Word for word, restate every line from the one with "this 1408×1056 image." through the end of the records below, both included, and add nothing.

> Material for the task:
========================

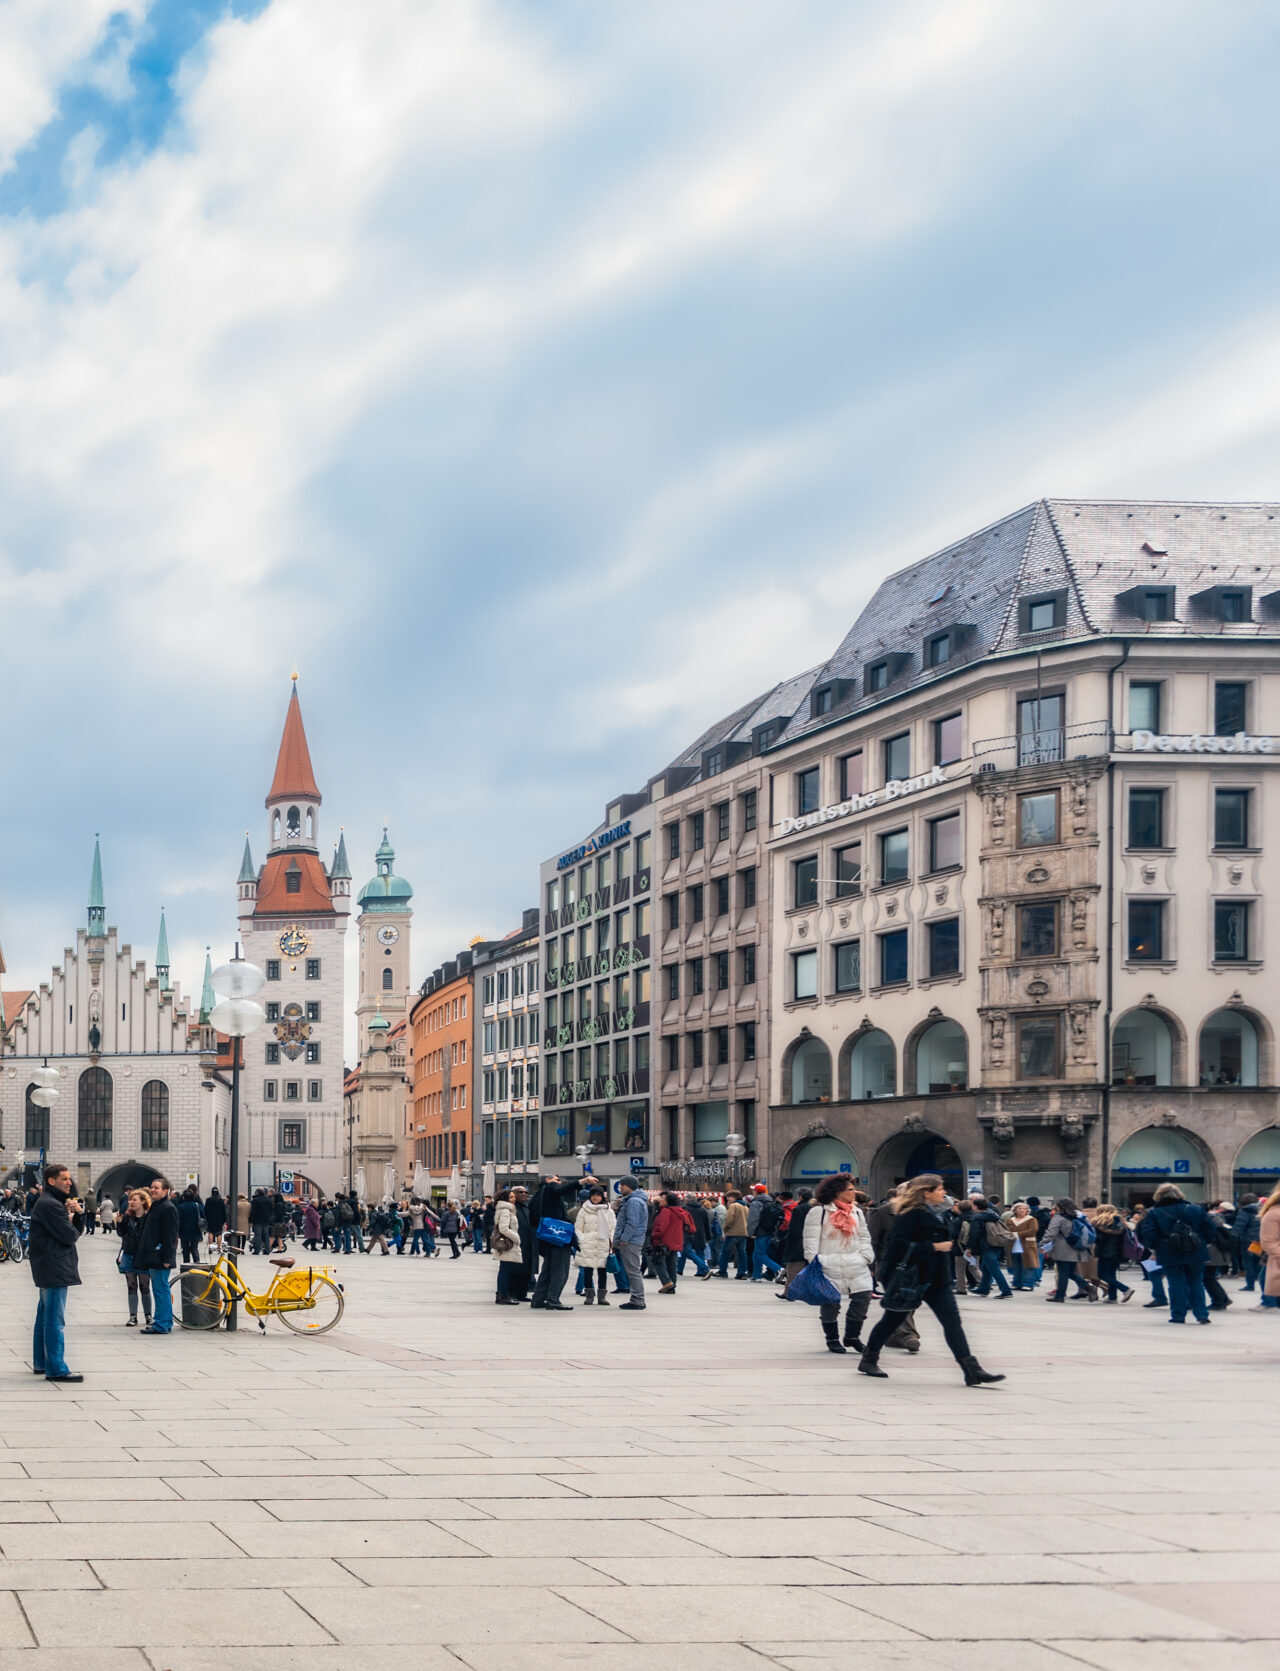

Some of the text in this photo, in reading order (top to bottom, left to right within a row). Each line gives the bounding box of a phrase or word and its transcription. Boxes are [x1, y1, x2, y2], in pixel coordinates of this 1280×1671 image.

[1132, 730, 1272, 752] Deutsche
[780, 766, 948, 835] Deutsche Bank
[556, 820, 632, 871] AUGEN KLINIK
[283, 1170, 293, 1181] S
[283, 1182, 293, 1193] U
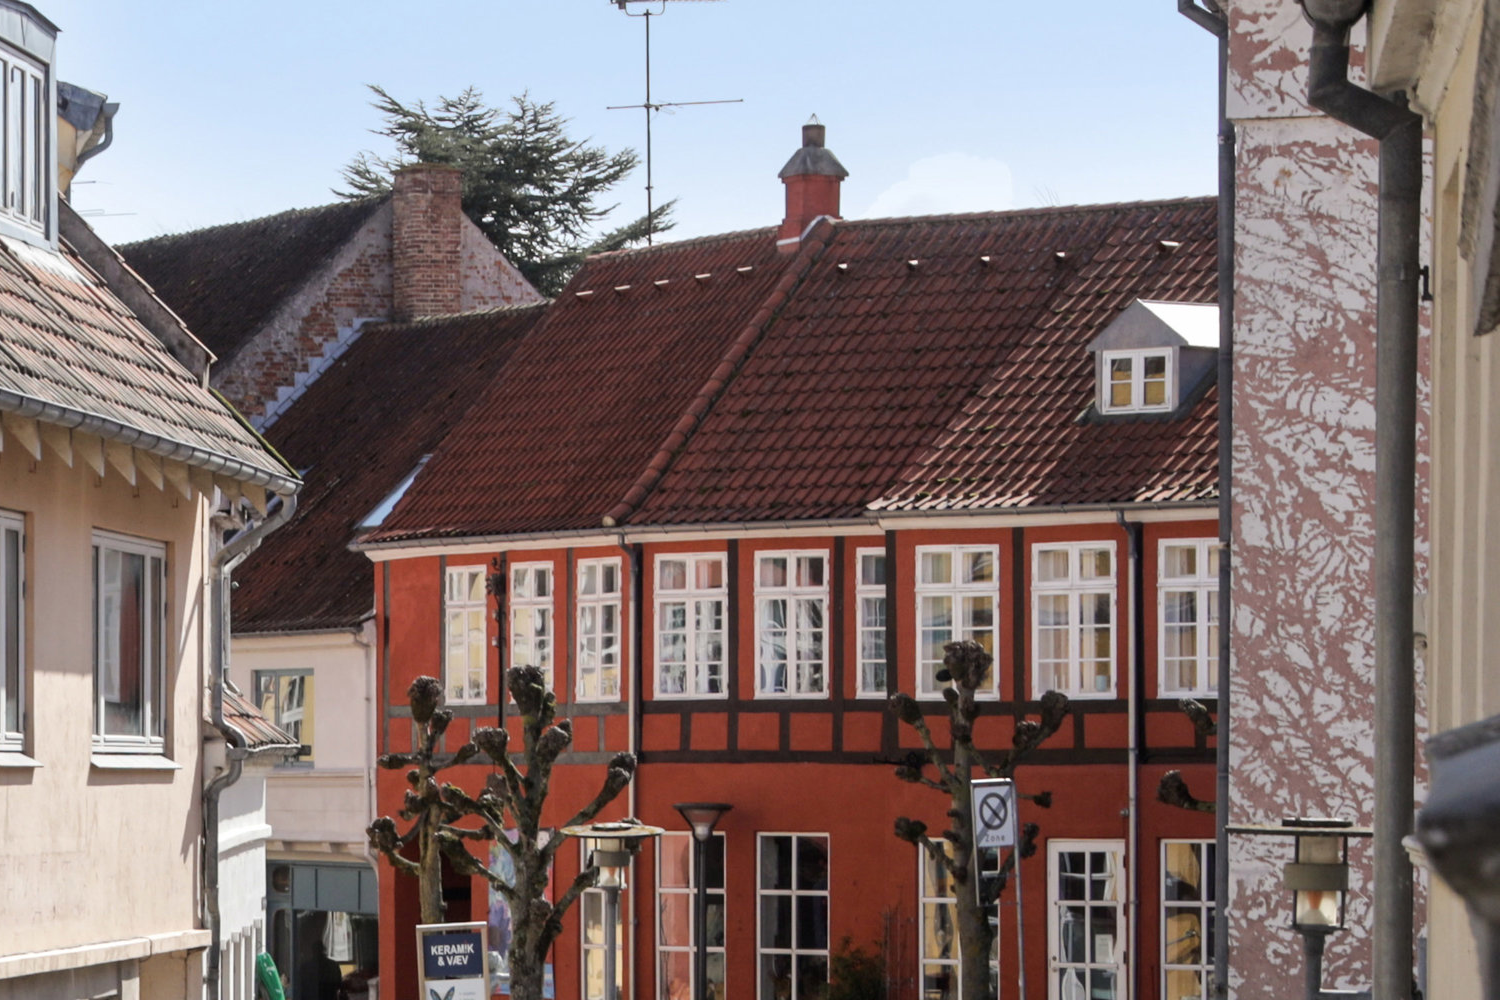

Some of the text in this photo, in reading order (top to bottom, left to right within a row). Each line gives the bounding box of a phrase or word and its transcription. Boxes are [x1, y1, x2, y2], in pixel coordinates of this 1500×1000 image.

[985, 834, 1005, 842] Zone
[437, 955, 469, 967] & VÆV
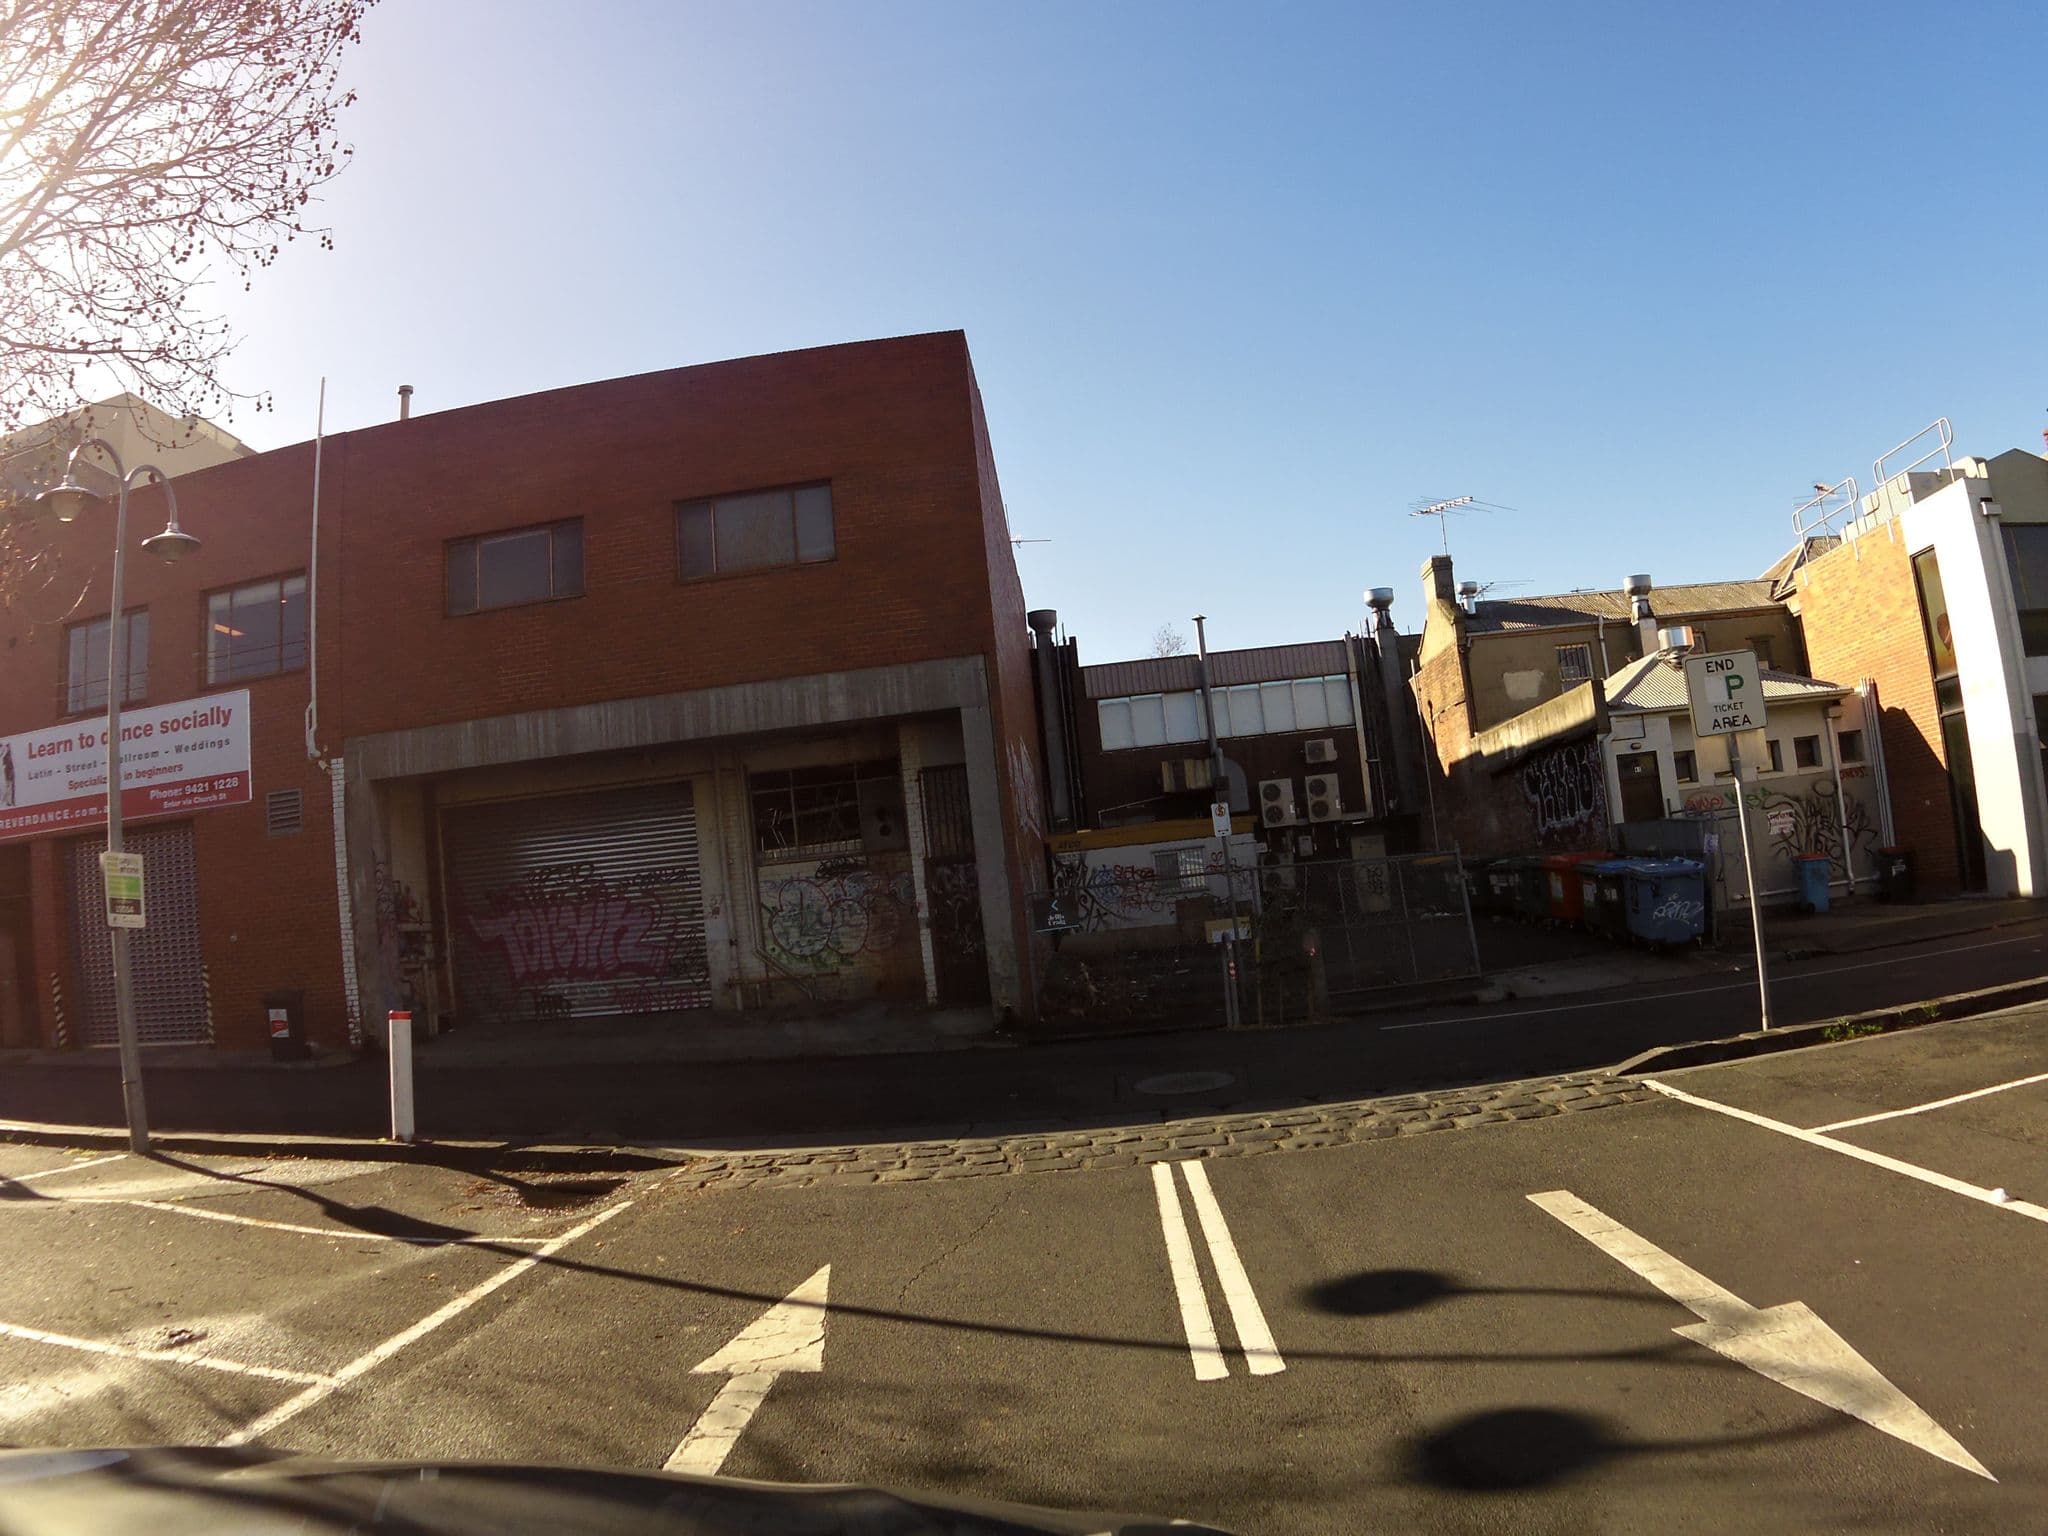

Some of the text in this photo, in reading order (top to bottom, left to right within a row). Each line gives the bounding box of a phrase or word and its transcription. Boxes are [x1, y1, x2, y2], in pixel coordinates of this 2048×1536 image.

[1705, 659, 1735, 673] END
[1725, 674, 1745, 700] P
[1713, 702, 1745, 712] TICKET
[1712, 714, 1752, 731] AREA
[28, 706, 233, 760] Learn to dnce socially
[28, 769, 52, 780] Latin
[66, 760, 97, 774] Street
[175, 738, 231, 755] Weddings
[124, 771, 133, 780] in
[135, 764, 184, 779] beginners
[185, 782, 209, 795] 9421
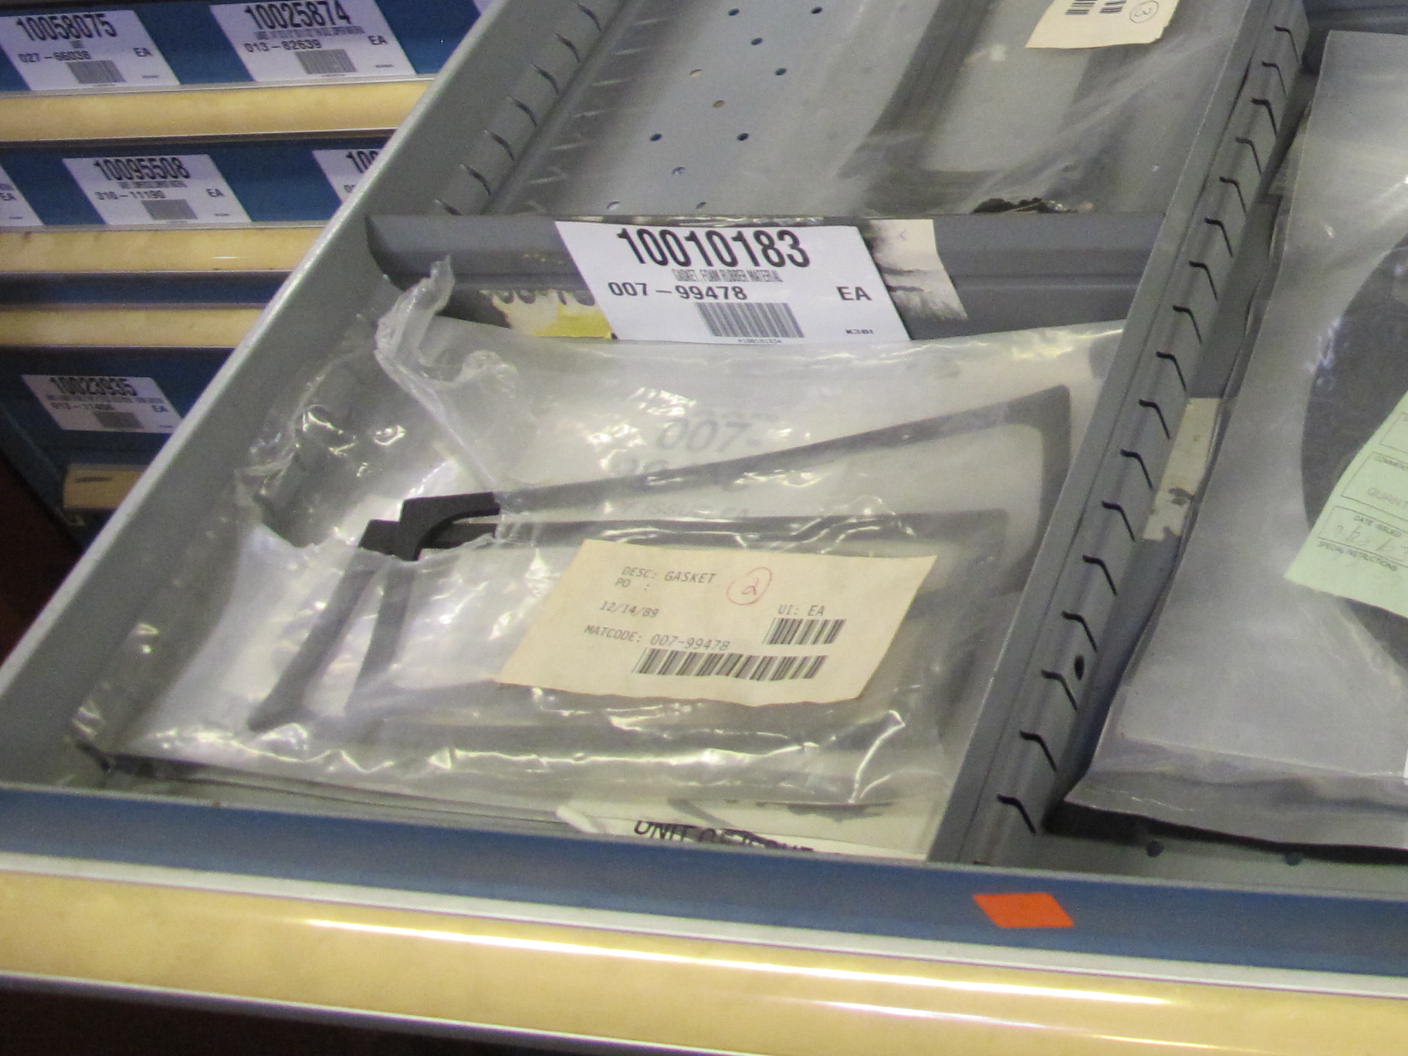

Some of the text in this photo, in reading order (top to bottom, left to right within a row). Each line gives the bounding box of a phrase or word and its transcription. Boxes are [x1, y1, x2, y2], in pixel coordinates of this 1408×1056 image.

[244, 0, 352, 30] 10025874
[16, 13, 117, 41] 10058075
[368, 35, 388, 46] EA
[133, 47, 153, 57] EA
[93, 157, 191, 181] 10095508
[206, 188, 225, 198] EA
[617, 227, 810, 267] 10010183
[836, 286, 872, 301] EA
[615, 577, 630, 589] PO
[621, 566, 717, 584] DESC: GASKET
[807, 605, 826, 616] EA
[584, 625, 731, 652] MATCODE: 007-99478

========================

> Result for this exercise:
Some of the text in this photo, in reading order (top to bottom, left to right within a row). Each line gives the bounding box of a phrase or word and its transcription. Boxes are [x1, y1, x2, y2], in pixel coordinates of this 1408×1056 image.

[244, 0, 352, 30] 10025874
[16, 13, 117, 41] 10058075
[368, 35, 388, 46] EA
[133, 47, 153, 57] EA
[93, 157, 191, 181] 10095508
[206, 188, 225, 198] EA
[617, 227, 810, 267] 10010183
[836, 286, 872, 301] EA
[615, 577, 630, 589] PO
[621, 566, 717, 584] DESC: GASKET
[807, 605, 826, 616] EA
[584, 625, 731, 652] MATCODE: 007-99478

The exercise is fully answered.